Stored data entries

--*--

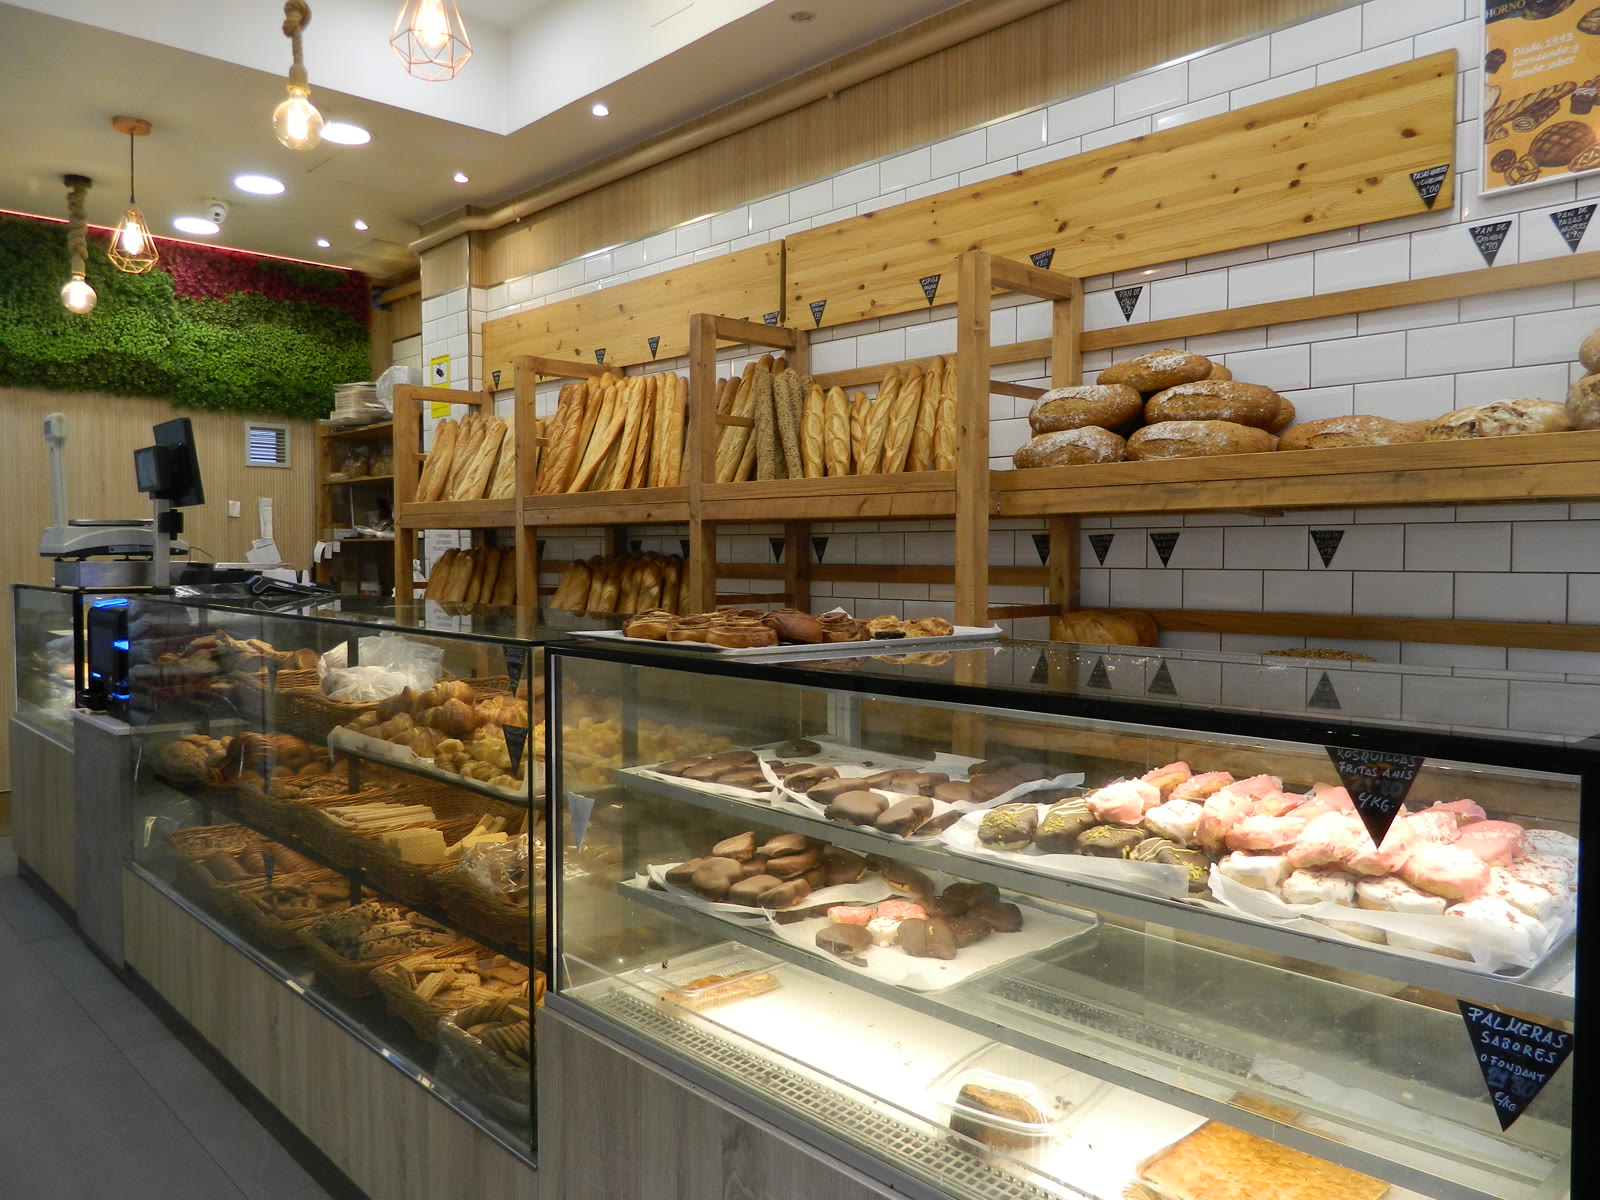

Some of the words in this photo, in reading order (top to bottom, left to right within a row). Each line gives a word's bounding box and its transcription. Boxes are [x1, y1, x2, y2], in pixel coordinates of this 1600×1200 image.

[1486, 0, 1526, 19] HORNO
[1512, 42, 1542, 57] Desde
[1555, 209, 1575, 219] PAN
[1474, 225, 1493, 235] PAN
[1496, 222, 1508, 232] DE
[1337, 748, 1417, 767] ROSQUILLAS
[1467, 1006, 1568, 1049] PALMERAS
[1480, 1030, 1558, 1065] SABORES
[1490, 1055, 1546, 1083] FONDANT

--*--

Each record must be returned exactly as it stands, and the images omitted.

Some of the words in this photo, in reading order (top to bottom, left to right within a row). Each line gives a word's bounding box and its transcription. Boxes are [x1, y1, x2, y2], in pixel coordinates of this 1600×1200 image.

[1486, 0, 1526, 19] HORNO
[1512, 42, 1542, 57] Desde
[1555, 209, 1575, 219] PAN
[1474, 225, 1493, 235] PAN
[1496, 222, 1508, 232] DE
[1337, 748, 1417, 767] ROSQUILLAS
[1467, 1006, 1568, 1049] PALMERAS
[1480, 1030, 1558, 1065] SABORES
[1490, 1055, 1546, 1083] FONDANT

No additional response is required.